Thank you all so very much for keeping me in prayer and asking how I am doing. Thank you Thank you Thank you! Please continue to keep me in your prayers and continue asking how I am doing!

Teruah

Yes, WE ARE ALIVE!!

Hi all!
Many apologies that this is so late in coming...Teruah and I have been in Canada for the last 4 weeks visiting a friend of mine, and tomorrow we re-enter the States.

It's been a quiet 4 weeks, but we are not complaining! We sort of took a break from everything and just rested and visited. I hadn't seen my friend, Darlene, since May 2005 just before I left for Africa. So just "hanging out" was nice. We were shown around Toronto one day ( I think maybe it was the coldest day we were here!) and took a side trip to Port Perry (a quaint little town with storefront shops all along the street) another day. We were able to meet her 2 grandsons (ages 8 and 4yrs) and played bingo, "I spy," and hide and go seek and had a blast! All around it was a very pleasant and relaxing time. Thank you, Darlene for hosting us!!
Tomorrow we will head back down to New York for a few days and from there will be going to see my mom and sister in Washington, Pennsylvania.

We'd appreciate your prayers for safe travel.

What's on our mind for the coming weeks?

(1) Visiting with my mom and sister in Pennsylvania for a couple weeks
(2) Traveling down to West Virginia to visit my dad and more family

(3) A trip to Washington, D.C.

Please continue to keep us in your prayers any time you think of us and we will keep you posted on our whereabouts! Also, we'd love to hear from any of you who want to write us - our joint email is: AnnaTeruah@gmail.com and both of us have individual email accounts that you are welcome to contact us at any time!

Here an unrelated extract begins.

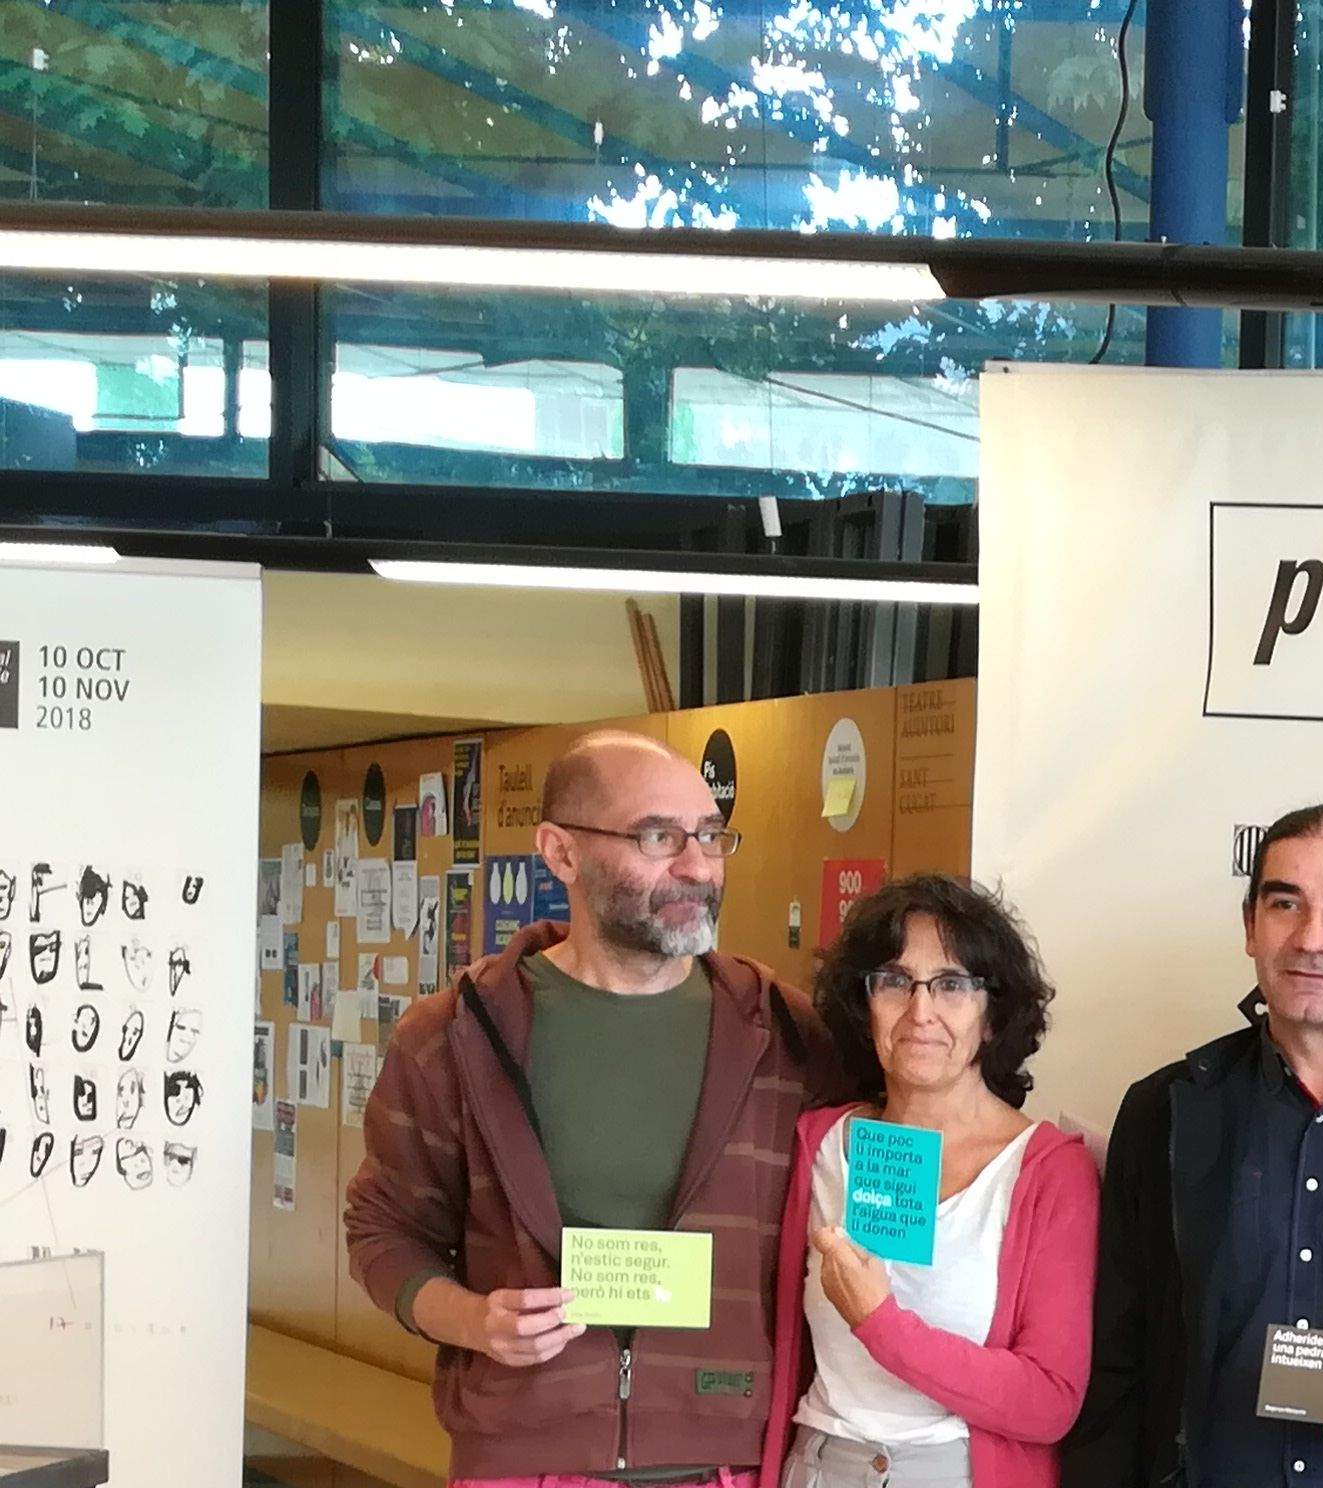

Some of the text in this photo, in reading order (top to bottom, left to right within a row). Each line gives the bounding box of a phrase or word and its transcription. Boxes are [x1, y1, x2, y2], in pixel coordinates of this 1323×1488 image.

OK, well that's all for now, folks. I'm gonna try my best to get Teruah to write ya'll the next time! (-: It's about time we hear from her, huh?

Thanks to those of you who have been emailing, calling and keeping in touch with us! It's been nearly 3 months since we left California - and I for one, am missing it! But it's been good to be "home" too. Things will be much prettier here in a few weeks when Spring hits the East Coast.